═══ DATA TO EXAMINE ═══

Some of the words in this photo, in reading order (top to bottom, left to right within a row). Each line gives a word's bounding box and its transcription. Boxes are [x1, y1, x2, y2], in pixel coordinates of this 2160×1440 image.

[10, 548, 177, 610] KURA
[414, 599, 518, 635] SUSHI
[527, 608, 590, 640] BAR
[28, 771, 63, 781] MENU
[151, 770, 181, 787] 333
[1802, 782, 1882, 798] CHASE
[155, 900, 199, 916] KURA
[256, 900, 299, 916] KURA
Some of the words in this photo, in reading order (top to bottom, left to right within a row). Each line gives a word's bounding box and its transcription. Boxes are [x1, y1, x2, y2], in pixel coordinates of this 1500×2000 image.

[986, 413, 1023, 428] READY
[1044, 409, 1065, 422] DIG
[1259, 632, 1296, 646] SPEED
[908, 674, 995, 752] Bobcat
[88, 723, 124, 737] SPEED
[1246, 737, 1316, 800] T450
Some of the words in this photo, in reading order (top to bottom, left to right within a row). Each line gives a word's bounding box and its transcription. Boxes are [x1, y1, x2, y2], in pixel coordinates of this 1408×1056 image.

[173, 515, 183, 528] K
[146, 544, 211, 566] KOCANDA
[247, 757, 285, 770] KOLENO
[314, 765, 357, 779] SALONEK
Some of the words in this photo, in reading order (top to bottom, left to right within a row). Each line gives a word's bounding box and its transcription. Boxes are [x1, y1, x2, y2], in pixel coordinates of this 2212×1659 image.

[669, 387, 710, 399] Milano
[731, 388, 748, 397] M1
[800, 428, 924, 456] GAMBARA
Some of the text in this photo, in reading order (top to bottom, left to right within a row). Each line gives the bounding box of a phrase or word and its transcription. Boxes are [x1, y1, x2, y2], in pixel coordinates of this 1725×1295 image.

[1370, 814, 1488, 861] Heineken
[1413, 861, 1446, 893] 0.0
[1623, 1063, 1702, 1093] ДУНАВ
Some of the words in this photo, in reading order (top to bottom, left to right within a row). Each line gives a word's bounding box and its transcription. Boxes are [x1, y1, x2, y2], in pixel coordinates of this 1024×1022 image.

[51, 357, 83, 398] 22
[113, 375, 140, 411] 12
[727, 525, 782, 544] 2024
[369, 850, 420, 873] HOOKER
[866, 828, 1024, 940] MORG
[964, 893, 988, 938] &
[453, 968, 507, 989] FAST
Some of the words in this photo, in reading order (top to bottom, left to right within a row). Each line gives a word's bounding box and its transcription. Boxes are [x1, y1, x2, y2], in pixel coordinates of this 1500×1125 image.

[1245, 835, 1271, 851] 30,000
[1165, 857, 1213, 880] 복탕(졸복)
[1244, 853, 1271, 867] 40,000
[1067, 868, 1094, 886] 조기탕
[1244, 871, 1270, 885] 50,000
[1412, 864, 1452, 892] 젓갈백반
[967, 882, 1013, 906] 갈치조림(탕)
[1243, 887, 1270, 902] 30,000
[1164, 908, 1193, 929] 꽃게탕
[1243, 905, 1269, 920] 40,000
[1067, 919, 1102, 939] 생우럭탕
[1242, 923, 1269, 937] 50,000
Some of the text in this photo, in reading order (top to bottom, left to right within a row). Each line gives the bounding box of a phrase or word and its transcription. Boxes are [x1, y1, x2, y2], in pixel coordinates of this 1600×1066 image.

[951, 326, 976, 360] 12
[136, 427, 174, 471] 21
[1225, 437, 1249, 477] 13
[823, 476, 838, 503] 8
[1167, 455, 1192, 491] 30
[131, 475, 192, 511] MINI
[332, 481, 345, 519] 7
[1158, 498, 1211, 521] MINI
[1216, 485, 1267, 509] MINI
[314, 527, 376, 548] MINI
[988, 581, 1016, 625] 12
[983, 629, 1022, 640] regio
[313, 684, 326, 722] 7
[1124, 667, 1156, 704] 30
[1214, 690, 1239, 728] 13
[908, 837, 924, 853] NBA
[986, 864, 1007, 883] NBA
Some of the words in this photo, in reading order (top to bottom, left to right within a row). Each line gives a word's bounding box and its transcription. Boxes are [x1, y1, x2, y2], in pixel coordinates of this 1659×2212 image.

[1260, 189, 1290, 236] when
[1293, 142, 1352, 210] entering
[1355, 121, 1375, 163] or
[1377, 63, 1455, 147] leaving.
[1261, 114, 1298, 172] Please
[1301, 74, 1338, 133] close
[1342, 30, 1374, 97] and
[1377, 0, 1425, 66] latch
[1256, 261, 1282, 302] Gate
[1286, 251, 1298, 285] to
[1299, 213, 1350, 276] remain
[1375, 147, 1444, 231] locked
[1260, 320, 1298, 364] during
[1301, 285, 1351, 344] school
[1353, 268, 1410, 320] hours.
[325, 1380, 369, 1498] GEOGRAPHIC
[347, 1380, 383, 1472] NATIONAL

═══

Once you reach the line that holds "this 1659×2212 image.", print it and every line after it through the end of the records, word for word.

* RESPONSE TO THIS EXERCISE:
Some of the words in this photo, in reading order (top to bottom, left to right within a row). Each line gives a word's bounding box and its transcription. Boxes are [x1, y1, x2, y2], in pixel coordinates of this 1659×2212 image.

[1260, 189, 1290, 236] when
[1293, 142, 1352, 210] entering
[1355, 121, 1375, 163] or
[1377, 63, 1455, 147] leaving.
[1261, 114, 1298, 172] Please
[1301, 74, 1338, 133] close
[1342, 30, 1374, 97] and
[1377, 0, 1425, 66] latch
[1256, 261, 1282, 302] Gate
[1286, 251, 1298, 285] to
[1299, 213, 1350, 276] remain
[1375, 147, 1444, 231] locked
[1260, 320, 1298, 364] during
[1301, 285, 1351, 344] school
[1353, 268, 1410, 320] hours.
[325, 1380, 369, 1498] GEOGRAPHIC
[347, 1380, 383, 1472] NATIONAL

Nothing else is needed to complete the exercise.